I'm confuzzled about it all so I'd welcome thoughts."

Friday, April 9, 2010

Promoting Good Health

Laughter boosts the immune system. Today's dose of health:

Monday, April 5, 2010

Anatomy of DNF, Part II

As a person trying to figure out what works in novel-writing and what doesn't, Apprentice Writer is always especially interested in books unfinished. How does a book make her give up after it has done the heavy lifting of convincing her to bring it home?

The lesson drawn from the most recent DNF episode was:


Ask any published or aspiring writer what they think of this statement, and the agreement rate would probably be 100%. Where to draw the line on what is reasonable and what is too much, is, of course, the tricky part, and a matter of personal taste.

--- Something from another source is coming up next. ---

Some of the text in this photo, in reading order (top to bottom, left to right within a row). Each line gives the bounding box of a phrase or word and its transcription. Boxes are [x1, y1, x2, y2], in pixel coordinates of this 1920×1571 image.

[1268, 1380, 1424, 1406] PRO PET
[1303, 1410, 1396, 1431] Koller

The first pages of the current candidate made clear that AW's threshold is well below that of the author. This is a debut effort; for that reason, title shall remain nameless. AW doesn't need the bad karma of standing in a freshly-hatched author's way.

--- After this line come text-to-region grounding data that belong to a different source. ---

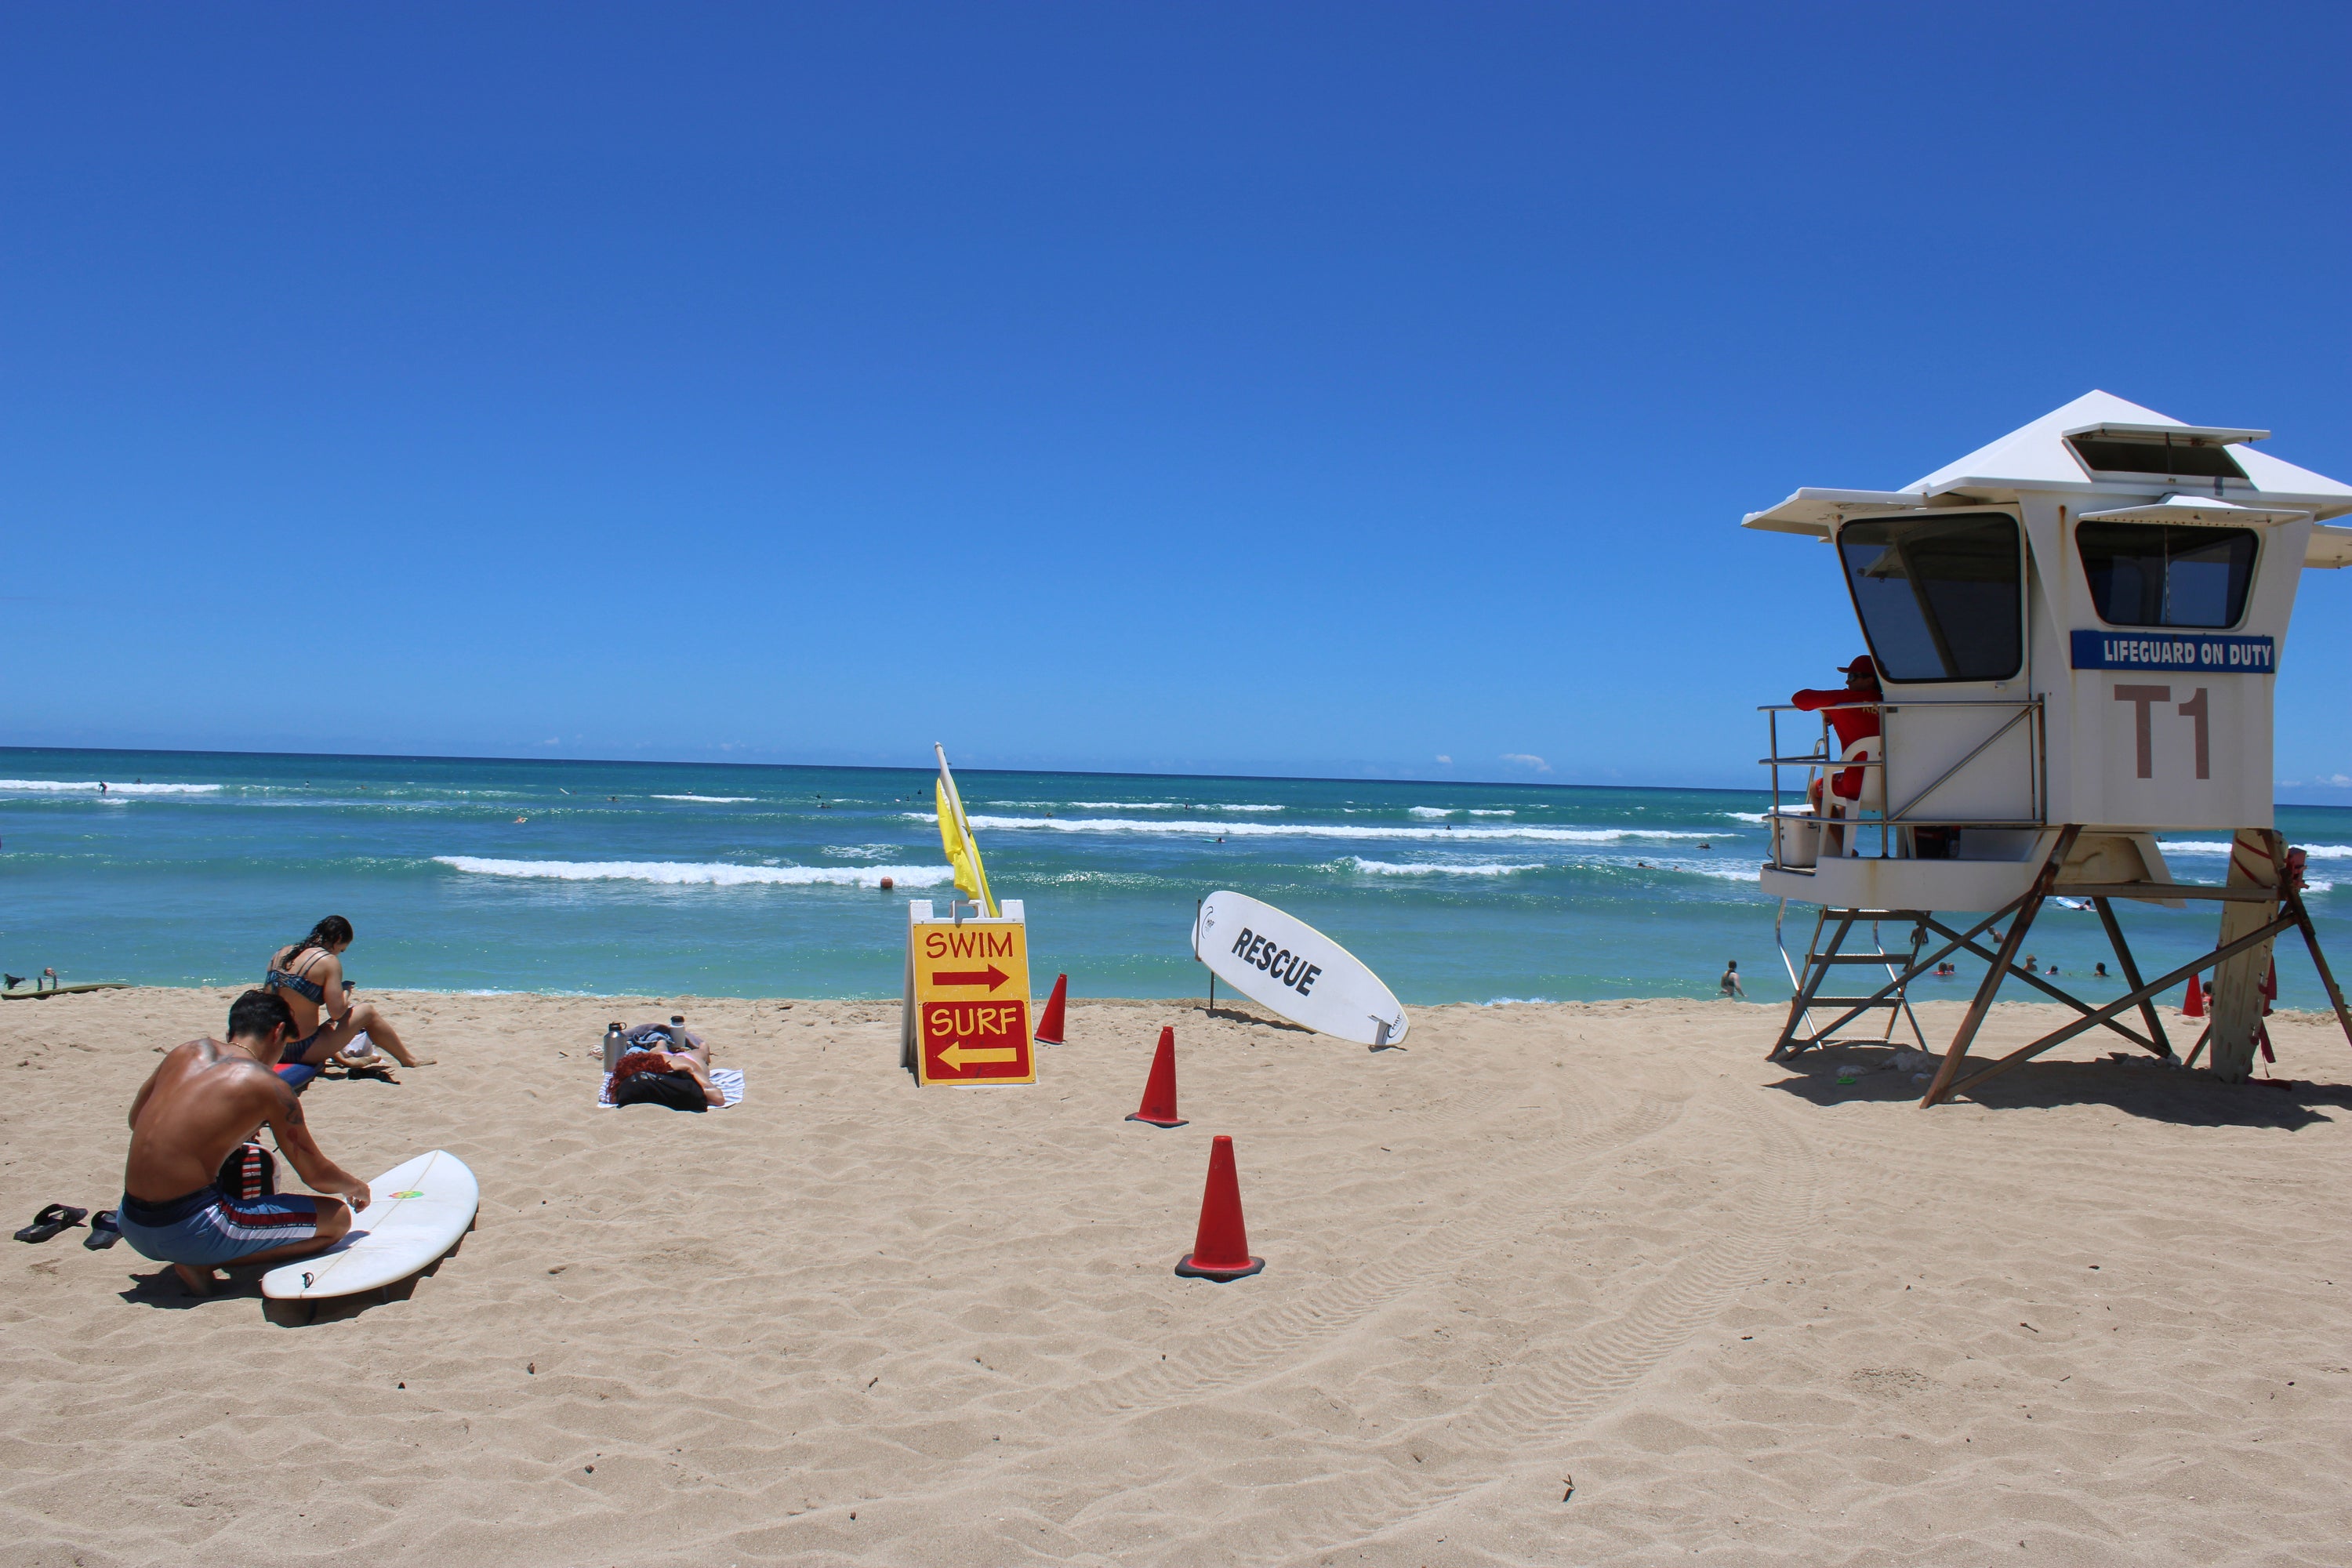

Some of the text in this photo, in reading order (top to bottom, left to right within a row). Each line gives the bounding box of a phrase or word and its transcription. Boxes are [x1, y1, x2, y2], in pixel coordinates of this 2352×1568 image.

[2103, 640, 2272, 666] LIFEGUARD ON DUTY
[2114, 684, 2210, 780] T1
[925, 931, 1014, 959] SWIM
[1231, 927, 1323, 997] RESCUE
[931, 1007, 1017, 1036] SURF

Where did it all become too much?

1. Driving home points with a sledgehammer:

'He was angry. Horribly angry. Livid. Enraged. Furious.'

2. Redundancy:

'May we discuss our private matter privately?'

3. Taking advice to show emotion by describing involuntary physical actions/reactions to the extreme:

During the space of four pages devoted to a conversation with her brother, a minor character:

shot a nervous glance
twisted her hands
coughed and started anew
blinked and looked away
glanced down both sides of the corridor before turning her nervous glance to his face
her cheeks leeched of color
her lips trembled
tugged her bare fingers
her response was a vivid blush and violent shake of the head
slumped against the wainscoting
her shoulders shook
nibbled at her lip
tossed him a nervous glance
clenched her fingers together so tightly the knuckles went white
her pale brow furrowed
her words trailed off as another crimson stain spread up from her throat
started and blanched
her eyes widened
looked away, eyelashes quivering
he could smell the unease in her sweat

Here was the point that AW knew: this was not the book for her.

If this amount of scrutiny is devoted to a minor character, at the beginning of the story, how much jumping and slumping and blanching and quivering were in store for the main character once the plot actually heated up? What in the world was the hero going to smell in her sweat? Apprentice Writer just didn't want to find out.

Gentle Reader: do you appreciate spare writing, or do you prefer lots of descriptives? What makes you stop reading a book?